----- Records provided

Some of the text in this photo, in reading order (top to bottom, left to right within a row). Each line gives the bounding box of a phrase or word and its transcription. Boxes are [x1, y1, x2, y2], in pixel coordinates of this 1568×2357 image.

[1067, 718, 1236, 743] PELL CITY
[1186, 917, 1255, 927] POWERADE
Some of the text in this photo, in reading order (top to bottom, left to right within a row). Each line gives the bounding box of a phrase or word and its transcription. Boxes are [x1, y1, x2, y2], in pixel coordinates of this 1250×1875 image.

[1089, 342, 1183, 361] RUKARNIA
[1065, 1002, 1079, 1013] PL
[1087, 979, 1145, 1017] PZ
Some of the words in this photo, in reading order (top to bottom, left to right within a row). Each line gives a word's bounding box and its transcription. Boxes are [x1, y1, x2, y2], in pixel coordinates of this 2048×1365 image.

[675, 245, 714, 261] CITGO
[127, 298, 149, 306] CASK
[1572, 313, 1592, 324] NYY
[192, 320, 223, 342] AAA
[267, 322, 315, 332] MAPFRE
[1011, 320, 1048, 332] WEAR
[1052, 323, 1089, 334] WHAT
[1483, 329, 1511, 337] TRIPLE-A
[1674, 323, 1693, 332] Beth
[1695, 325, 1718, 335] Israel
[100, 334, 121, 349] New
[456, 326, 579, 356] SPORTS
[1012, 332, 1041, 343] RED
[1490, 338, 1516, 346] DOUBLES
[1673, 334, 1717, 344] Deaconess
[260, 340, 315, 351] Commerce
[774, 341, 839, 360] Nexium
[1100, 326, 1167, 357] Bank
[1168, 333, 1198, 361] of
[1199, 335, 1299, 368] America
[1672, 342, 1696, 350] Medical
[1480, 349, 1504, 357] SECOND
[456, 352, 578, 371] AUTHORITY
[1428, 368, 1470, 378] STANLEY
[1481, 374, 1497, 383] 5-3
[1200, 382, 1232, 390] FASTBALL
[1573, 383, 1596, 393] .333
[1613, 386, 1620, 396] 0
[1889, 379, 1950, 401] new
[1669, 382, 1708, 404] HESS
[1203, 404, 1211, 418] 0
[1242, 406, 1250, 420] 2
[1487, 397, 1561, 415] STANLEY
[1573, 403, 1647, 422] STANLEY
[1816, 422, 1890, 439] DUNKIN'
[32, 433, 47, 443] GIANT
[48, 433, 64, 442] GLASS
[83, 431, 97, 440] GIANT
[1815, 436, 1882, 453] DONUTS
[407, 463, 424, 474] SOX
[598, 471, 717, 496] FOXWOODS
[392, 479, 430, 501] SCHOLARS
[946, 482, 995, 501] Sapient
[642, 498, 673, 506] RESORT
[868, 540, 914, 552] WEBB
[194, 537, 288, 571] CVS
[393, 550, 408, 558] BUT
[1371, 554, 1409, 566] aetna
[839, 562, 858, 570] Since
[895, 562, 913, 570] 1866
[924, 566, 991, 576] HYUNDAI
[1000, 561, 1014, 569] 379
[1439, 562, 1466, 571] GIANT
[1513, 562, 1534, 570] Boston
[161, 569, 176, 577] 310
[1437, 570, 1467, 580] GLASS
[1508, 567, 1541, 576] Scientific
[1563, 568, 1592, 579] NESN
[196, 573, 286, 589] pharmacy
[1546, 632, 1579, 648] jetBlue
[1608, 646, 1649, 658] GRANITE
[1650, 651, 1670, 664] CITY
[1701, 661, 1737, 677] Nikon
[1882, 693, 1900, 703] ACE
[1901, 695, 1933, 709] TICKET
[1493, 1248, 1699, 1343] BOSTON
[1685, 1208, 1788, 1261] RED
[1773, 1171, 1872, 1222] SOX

----------

§ Exercise requirements: From the first line to the last, reproduce the data exactly.

§ Response to the task:
Some of the text in this photo, in reading order (top to bottom, left to right within a row). Each line gives the bounding box of a phrase or word and its transcription. Boxes are [x1, y1, x2, y2], in pixel coordinates of this 1568×2357 image.

[1067, 718, 1236, 743] PELL CITY
[1186, 917, 1255, 927] POWERADE
Some of the text in this photo, in reading order (top to bottom, left to right within a row). Each line gives the bounding box of a phrase or word and its transcription. Boxes are [x1, y1, x2, y2], in pixel coordinates of this 1250×1875 image.

[1089, 342, 1183, 361] RUKARNIA
[1065, 1002, 1079, 1013] PL
[1087, 979, 1145, 1017] PZ
Some of the words in this photo, in reading order (top to bottom, left to right within a row). Each line gives a word's bounding box and its transcription. Boxes are [x1, y1, x2, y2], in pixel coordinates of this 2048×1365 image.

[675, 245, 714, 261] CITGO
[127, 298, 149, 306] CASK
[1572, 313, 1592, 324] NYY
[192, 320, 223, 342] AAA
[267, 322, 315, 332] MAPFRE
[1011, 320, 1048, 332] WEAR
[1052, 323, 1089, 334] WHAT
[1483, 329, 1511, 337] TRIPLE-A
[1674, 323, 1693, 332] Beth
[1695, 325, 1718, 335] Israel
[100, 334, 121, 349] New
[456, 326, 579, 356] SPORTS
[1012, 332, 1041, 343] RED
[1490, 338, 1516, 346] DOUBLES
[1673, 334, 1717, 344] Deaconess
[260, 340, 315, 351] Commerce
[774, 341, 839, 360] Nexium
[1100, 326, 1167, 357] Bank
[1168, 333, 1198, 361] of
[1199, 335, 1299, 368] America
[1672, 342, 1696, 350] Medical
[1480, 349, 1504, 357] SECOND
[456, 352, 578, 371] AUTHORITY
[1428, 368, 1470, 378] STANLEY
[1481, 374, 1497, 383] 5-3
[1200, 382, 1232, 390] FASTBALL
[1573, 383, 1596, 393] .333
[1613, 386, 1620, 396] 0
[1889, 379, 1950, 401] new
[1669, 382, 1708, 404] HESS
[1203, 404, 1211, 418] 0
[1242, 406, 1250, 420] 2
[1487, 397, 1561, 415] STANLEY
[1573, 403, 1647, 422] STANLEY
[1816, 422, 1890, 439] DUNKIN'
[32, 433, 47, 443] GIANT
[48, 433, 64, 442] GLASS
[83, 431, 97, 440] GIANT
[1815, 436, 1882, 453] DONUTS
[407, 463, 424, 474] SOX
[598, 471, 717, 496] FOXWOODS
[392, 479, 430, 501] SCHOLARS
[946, 482, 995, 501] Sapient
[642, 498, 673, 506] RESORT
[868, 540, 914, 552] WEBB
[194, 537, 288, 571] CVS
[393, 550, 408, 558] BUT
[1371, 554, 1409, 566] aetna
[839, 562, 858, 570] Since
[895, 562, 913, 570] 1866
[924, 566, 991, 576] HYUNDAI
[1000, 561, 1014, 569] 379
[1439, 562, 1466, 571] GIANT
[1513, 562, 1534, 570] Boston
[161, 569, 176, 577] 310
[1437, 570, 1467, 580] GLASS
[1508, 567, 1541, 576] Scientific
[1563, 568, 1592, 579] NESN
[196, 573, 286, 589] pharmacy
[1546, 632, 1579, 648] jetBlue
[1608, 646, 1649, 658] GRANITE
[1650, 651, 1670, 664] CITY
[1701, 661, 1737, 677] Nikon
[1882, 693, 1900, 703] ACE
[1901, 695, 1933, 709] TICKET
[1493, 1248, 1699, 1343] BOSTON
[1685, 1208, 1788, 1261] RED
[1773, 1171, 1872, 1222] SOX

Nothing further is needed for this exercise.